Please return the full listing exactly as written, with the images removed.

# Extracted material
________
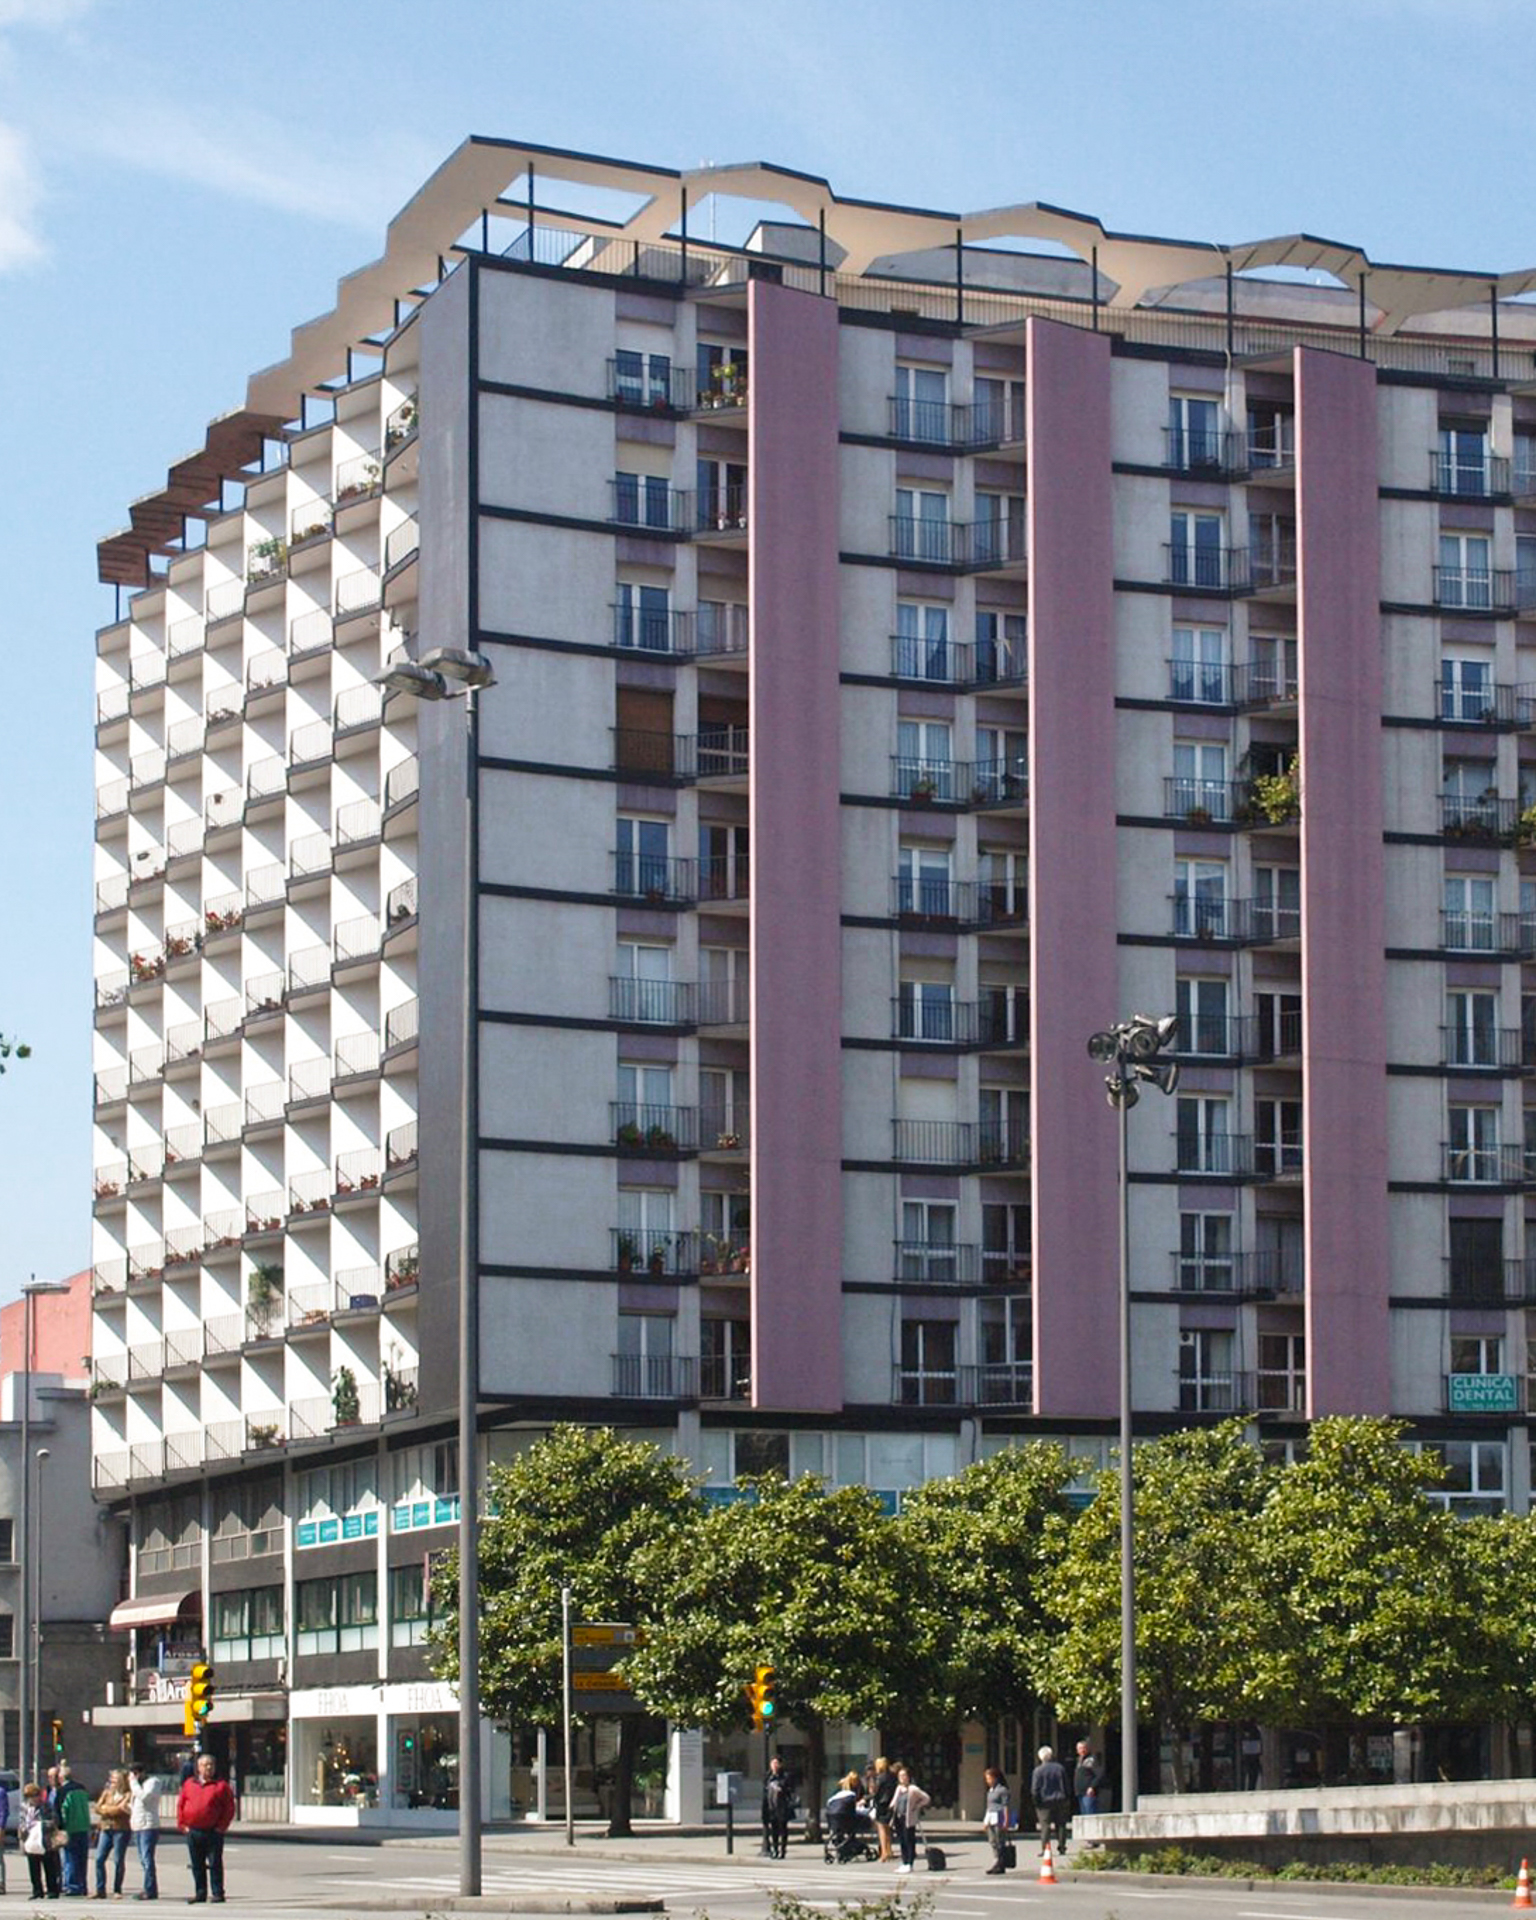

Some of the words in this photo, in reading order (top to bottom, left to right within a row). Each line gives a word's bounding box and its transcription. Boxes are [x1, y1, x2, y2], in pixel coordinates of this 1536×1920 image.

[1453, 1377, 1512, 1388] CLINICA
[1453, 1389, 1512, 1401] DENTAL
[318, 1691, 350, 1714] FHOA
[408, 1687, 443, 1710] FHOA
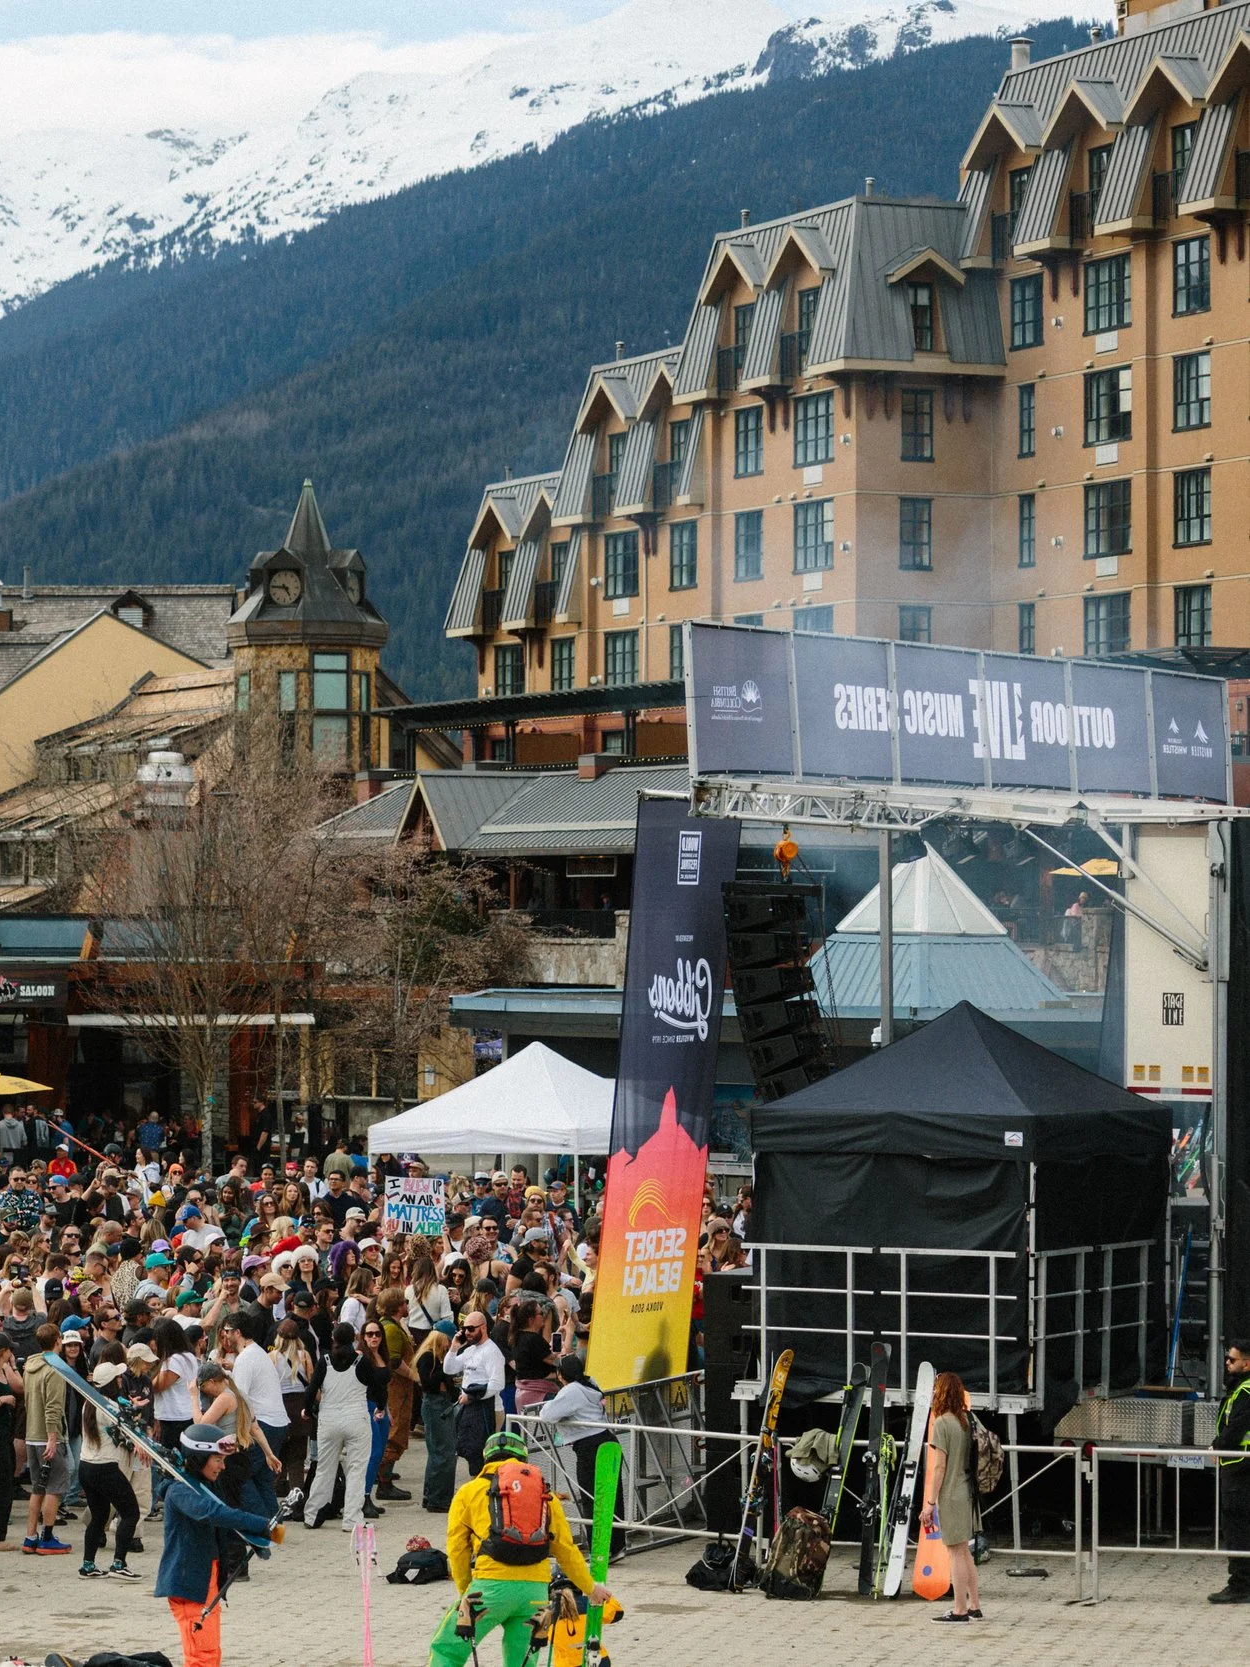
________
# Result of this task
Some of the words in this photo, in reading order (top to bottom, left to right within a row). Each line gives a word's bounding box and its transcription. Boxes are [x1, y1, x2, y2], in pixel coordinates of this 1536×1920 image.

[1453, 1377, 1512, 1388] CLINICA
[1453, 1389, 1512, 1401] DENTAL
[318, 1691, 350, 1714] FHOA
[408, 1687, 443, 1710] FHOA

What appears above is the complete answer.